TOKYO, Japan – Two Chinese ships chased a Japanese fishing boat close to disputed islands in the East China Sea, the Japan Coast Guard said on Sunday.

In this Sept. 2012 photo, the tiny islands in the East China Sea called Senkaku in Japanese and Diaoyu in Chinese are seen. The Chinese Defense Ministry on Saturday, Nov. 23, 2013, issued a map of an East China Sea Air Defense Identification Zone that includes a chain of disputed islands also claimed by Japan, triggering a protest from Tokyo. AP

Japan lodged an official protest with China over the incident — which took place on Friday — via a call to the Chinese Embassy in Tokyo by Shigeki Takizaki, head of the Japanese foreign ministry’s Asian and Oceanian Affairs Bureau, local media reported.

There was also a call from the Japanese Embassy in Beijing to the Chinese Foreign Ministry, media said.

Contacted by AFP, the Japanese foreign ministry could not immediately confirm the reports.

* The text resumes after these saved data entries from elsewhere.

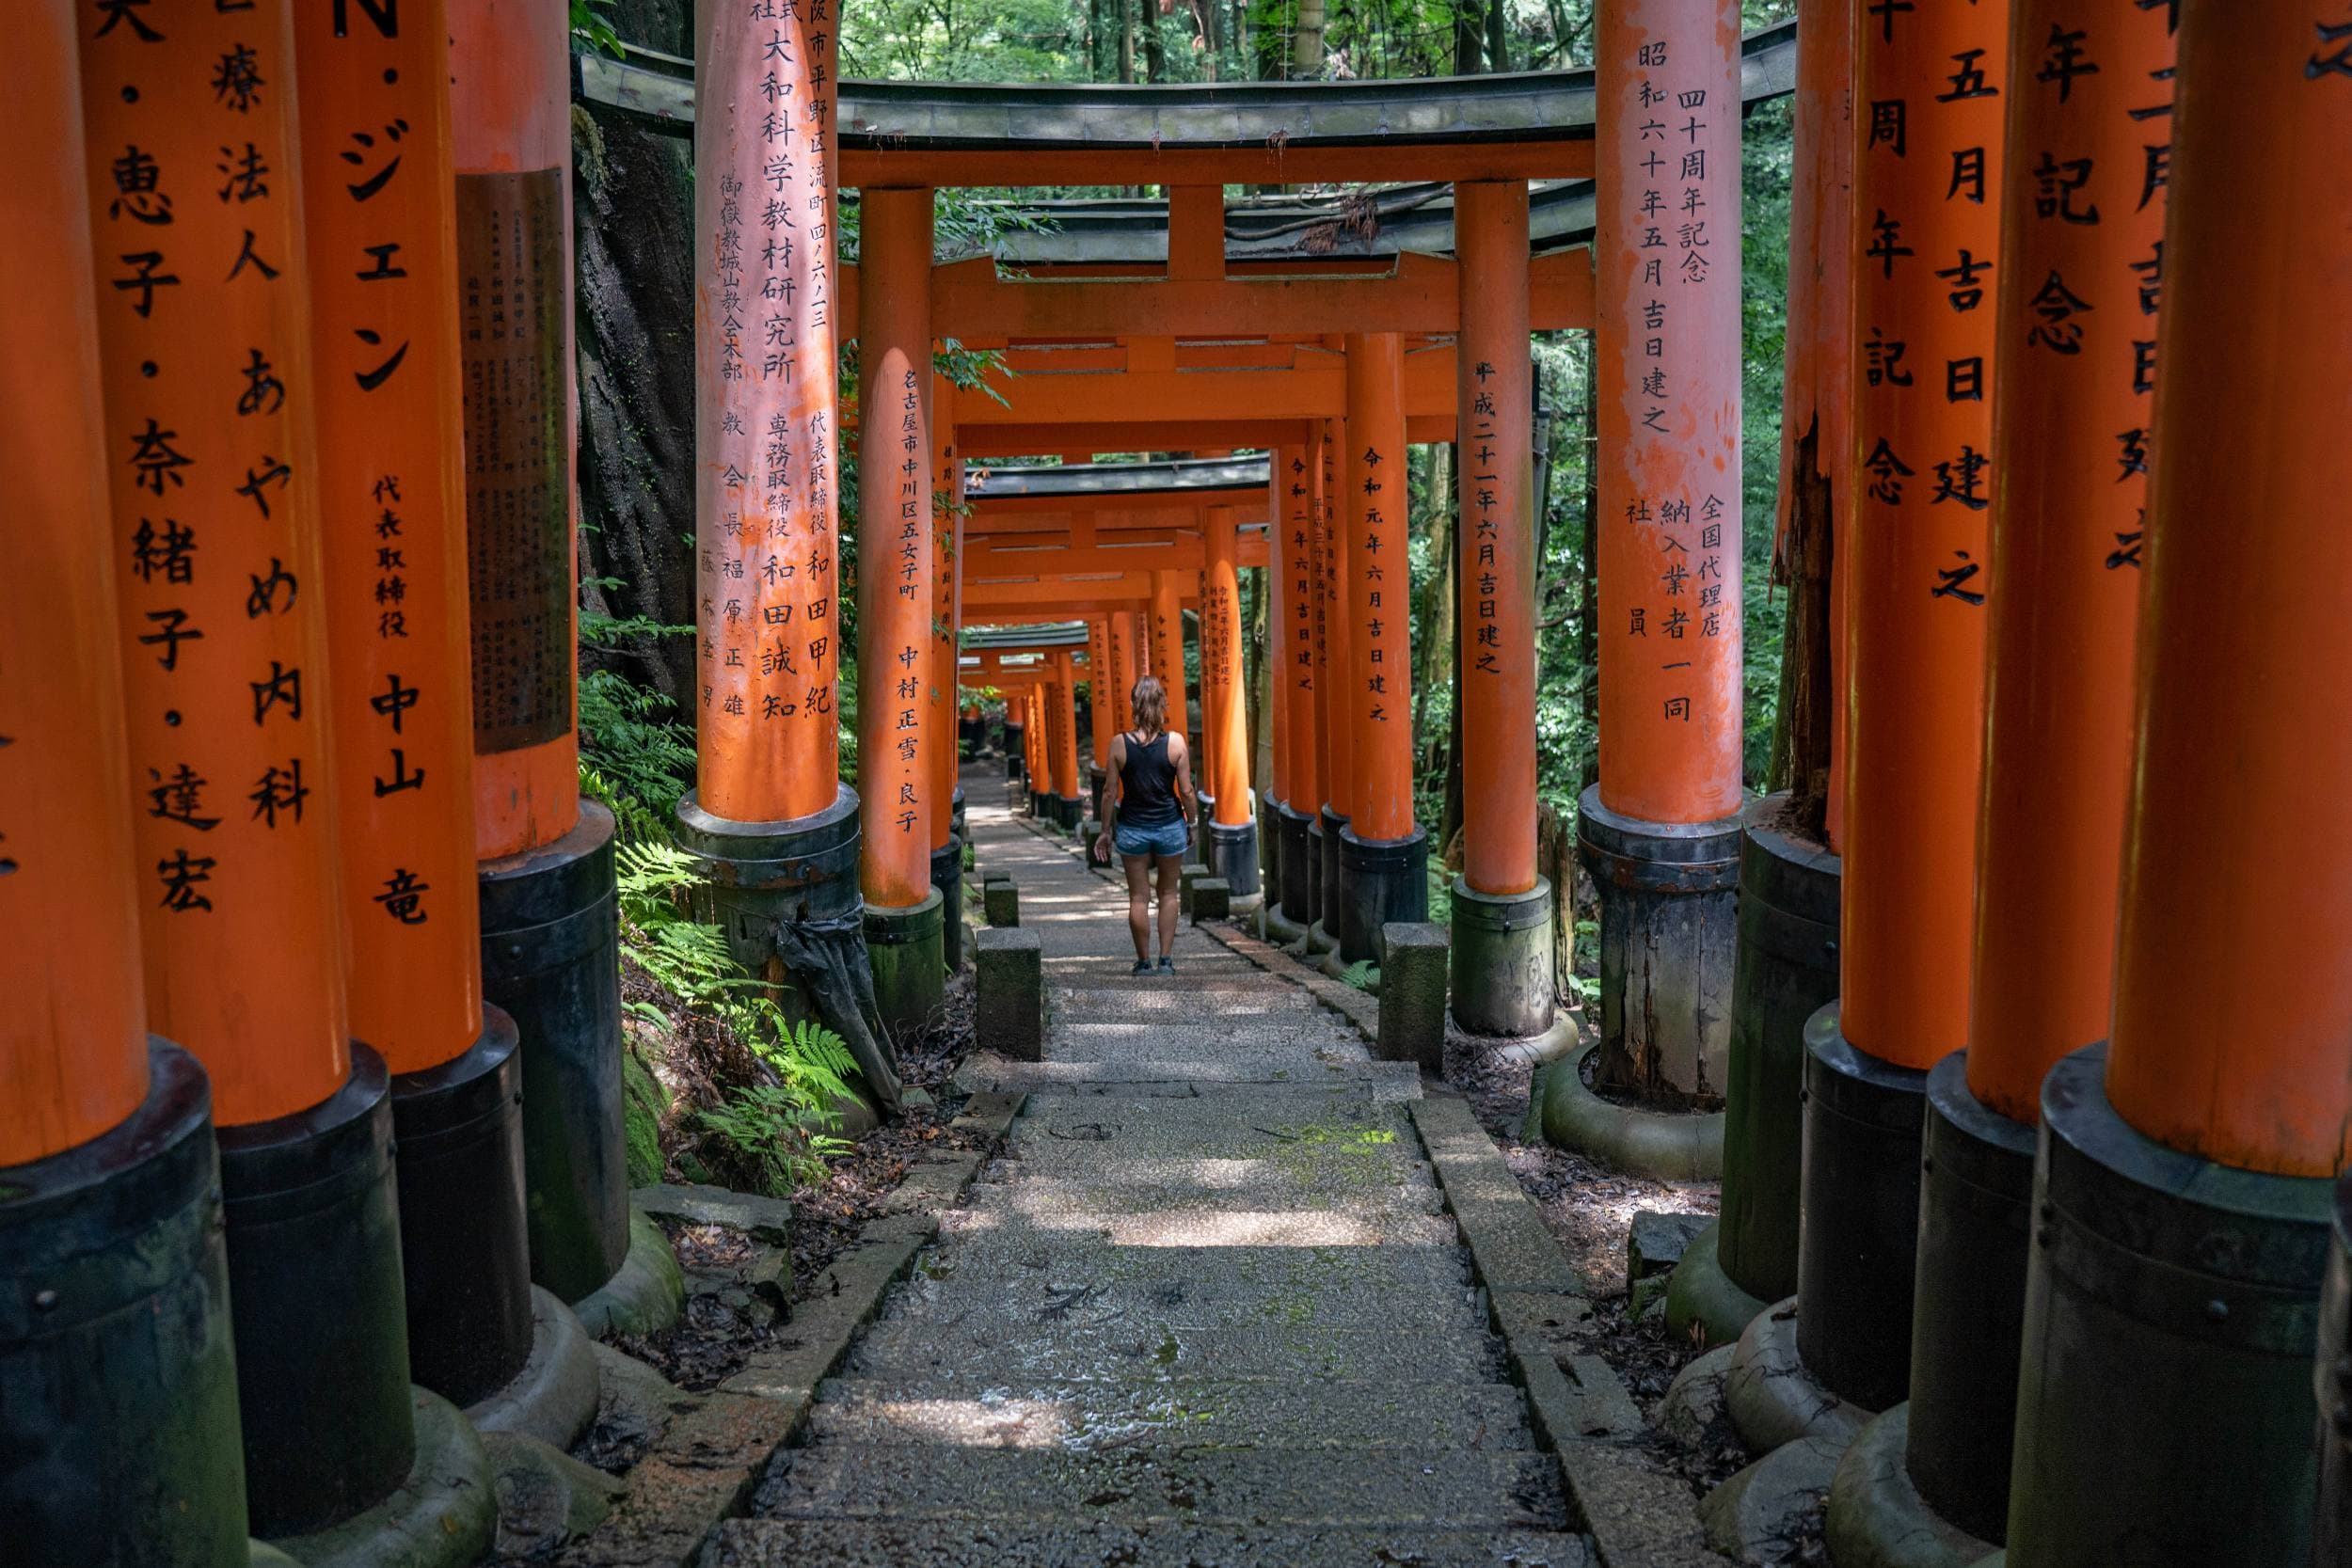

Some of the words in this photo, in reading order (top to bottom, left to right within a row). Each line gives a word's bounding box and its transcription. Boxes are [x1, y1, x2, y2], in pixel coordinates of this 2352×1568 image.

[212, 0, 280, 282] 療法人
[759, 29, 797, 385] 大和科学教材研究所
[1639, 41, 1670, 433] 昭和六十年五月吉日建之
[1677, 89, 1709, 284] 四十周年記念
[2029, 23, 2100, 356] 年記念
[1931, 0, 2000, 606] 五月吉日建之
[373, 475, 409, 640] 代表取締役
[766, 413, 792, 539] 専務取締役
[810, 412, 827, 535] 代表取締役
[899, 370, 919, 601] 名古屋市中川区五女子町
[1290, 457, 1313, 691] 令和二年六月吉日建之
[1363, 446, 1389, 723] 令和元年六月吉日建之
[1473, 361, 1502, 674] 平成二十一年六月吉日建之
[1698, 494, 1724, 639] 全国代理店
[235, 349, 310, 830] あやめ内科
[760, 553, 798, 721] 和田誠知
[804, 550, 831, 720] 和田甲紀
[371, 674, 425, 800] 中山
[373, 868, 431, 926] 竜

The flashpoint islands, called Senkaku in Japan and known in China as the Diaoyus, are at the centre of a festering row between Tokyo and Beijing.

The Japanese government has long complained about China’s routine dispatch of its coast guard ships to waters surrounding the islands.

On Friday the Japan Coast Guard ordered the Chinese vessels to leave the waters, and deployed several patrol ships to safeguard the fishing boat, whose three crew members were unhurt, a coast guard spokesman told AFP.

Two “Chinese ships loitering around the islands are still inside the Japanese territorial waters,” he said Sunday, adding “the fishing boat is not in a dangerous situation”.

Relations between Japan and China deteriorated in 2012 when Tokyo “nationalised” some of the  disputed islets.

Since then, the two top Asian economies have taken gradual steps to mend fences but relations at times get tense.